■ **RECORDED INFORMATION**:
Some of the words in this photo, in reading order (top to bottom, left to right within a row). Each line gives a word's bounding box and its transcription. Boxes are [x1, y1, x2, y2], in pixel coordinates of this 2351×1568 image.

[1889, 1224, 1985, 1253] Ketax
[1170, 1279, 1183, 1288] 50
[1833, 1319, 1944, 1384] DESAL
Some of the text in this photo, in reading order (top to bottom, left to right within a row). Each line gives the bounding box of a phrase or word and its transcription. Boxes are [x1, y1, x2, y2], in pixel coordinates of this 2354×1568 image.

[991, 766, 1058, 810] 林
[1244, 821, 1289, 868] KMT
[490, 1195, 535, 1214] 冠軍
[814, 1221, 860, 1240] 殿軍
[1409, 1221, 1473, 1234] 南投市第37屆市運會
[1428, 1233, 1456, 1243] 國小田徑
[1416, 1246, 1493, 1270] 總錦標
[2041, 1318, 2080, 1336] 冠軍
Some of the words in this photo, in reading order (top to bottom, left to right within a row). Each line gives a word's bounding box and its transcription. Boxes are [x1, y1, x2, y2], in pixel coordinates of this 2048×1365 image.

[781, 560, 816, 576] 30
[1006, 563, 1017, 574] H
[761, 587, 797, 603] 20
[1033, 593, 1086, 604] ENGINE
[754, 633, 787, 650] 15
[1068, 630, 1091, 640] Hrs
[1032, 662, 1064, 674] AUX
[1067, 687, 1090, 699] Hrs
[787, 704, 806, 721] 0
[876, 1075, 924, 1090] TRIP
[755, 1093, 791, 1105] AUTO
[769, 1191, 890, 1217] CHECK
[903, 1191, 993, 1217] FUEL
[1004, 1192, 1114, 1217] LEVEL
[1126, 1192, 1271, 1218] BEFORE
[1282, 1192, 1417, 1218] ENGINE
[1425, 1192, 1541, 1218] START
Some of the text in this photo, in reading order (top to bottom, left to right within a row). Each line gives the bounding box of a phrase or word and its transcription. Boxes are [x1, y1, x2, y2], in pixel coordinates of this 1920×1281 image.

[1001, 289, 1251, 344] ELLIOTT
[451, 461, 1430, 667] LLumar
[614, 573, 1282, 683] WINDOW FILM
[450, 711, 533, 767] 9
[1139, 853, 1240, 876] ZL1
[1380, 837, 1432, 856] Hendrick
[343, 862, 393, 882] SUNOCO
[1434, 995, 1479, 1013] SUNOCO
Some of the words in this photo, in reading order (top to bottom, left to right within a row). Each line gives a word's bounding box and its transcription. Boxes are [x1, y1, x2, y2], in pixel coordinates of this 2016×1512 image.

■ **INSTRUCTIONS FOR THE TASK**:
Word for word, copy all of the listing above.

■ **YOUR RESPONSE**:
Some of the words in this photo, in reading order (top to bottom, left to right within a row). Each line gives a word's bounding box and its transcription. Boxes are [x1, y1, x2, y2], in pixel coordinates of this 2351×1568 image.

[1889, 1224, 1985, 1253] Ketax
[1170, 1279, 1183, 1288] 50
[1833, 1319, 1944, 1384] DESAL
Some of the text in this photo, in reading order (top to bottom, left to right within a row). Each line gives the bounding box of a phrase or word and its transcription. Boxes are [x1, y1, x2, y2], in pixel coordinates of this 2354×1568 image.

[991, 766, 1058, 810] 林
[1244, 821, 1289, 868] KMT
[490, 1195, 535, 1214] 冠軍
[814, 1221, 860, 1240] 殿軍
[1409, 1221, 1473, 1234] 南投市第37屆市運會
[1428, 1233, 1456, 1243] 國小田徑
[1416, 1246, 1493, 1270] 總錦標
[2041, 1318, 2080, 1336] 冠軍
Some of the words in this photo, in reading order (top to bottom, left to right within a row). Each line gives a word's bounding box and its transcription. Boxes are [x1, y1, x2, y2], in pixel coordinates of this 2048×1365 image.

[781, 560, 816, 576] 30
[1006, 563, 1017, 574] H
[761, 587, 797, 603] 20
[1033, 593, 1086, 604] ENGINE
[754, 633, 787, 650] 15
[1068, 630, 1091, 640] Hrs
[1032, 662, 1064, 674] AUX
[1067, 687, 1090, 699] Hrs
[787, 704, 806, 721] 0
[876, 1075, 924, 1090] TRIP
[755, 1093, 791, 1105] AUTO
[769, 1191, 890, 1217] CHECK
[903, 1191, 993, 1217] FUEL
[1004, 1192, 1114, 1217] LEVEL
[1126, 1192, 1271, 1218] BEFORE
[1282, 1192, 1417, 1218] ENGINE
[1425, 1192, 1541, 1218] START
Some of the text in this photo, in reading order (top to bottom, left to right within a row). Each line gives the bounding box of a phrase or word and its transcription. Boxes are [x1, y1, x2, y2], in pixel coordinates of this 1920×1281 image.

[1001, 289, 1251, 344] ELLIOTT
[451, 461, 1430, 667] LLumar
[614, 573, 1282, 683] WINDOW FILM
[450, 711, 533, 767] 9
[1139, 853, 1240, 876] ZL1
[1380, 837, 1432, 856] Hendrick
[343, 862, 393, 882] SUNOCO
[1434, 995, 1479, 1013] SUNOCO
Some of the words in this photo, in reading order (top to bottom, left to right within a row). Each line gives a word's bounding box and its transcription. Boxes are [x1, y1, x2, y2], in pixel coordinates of this 2016×1512 image.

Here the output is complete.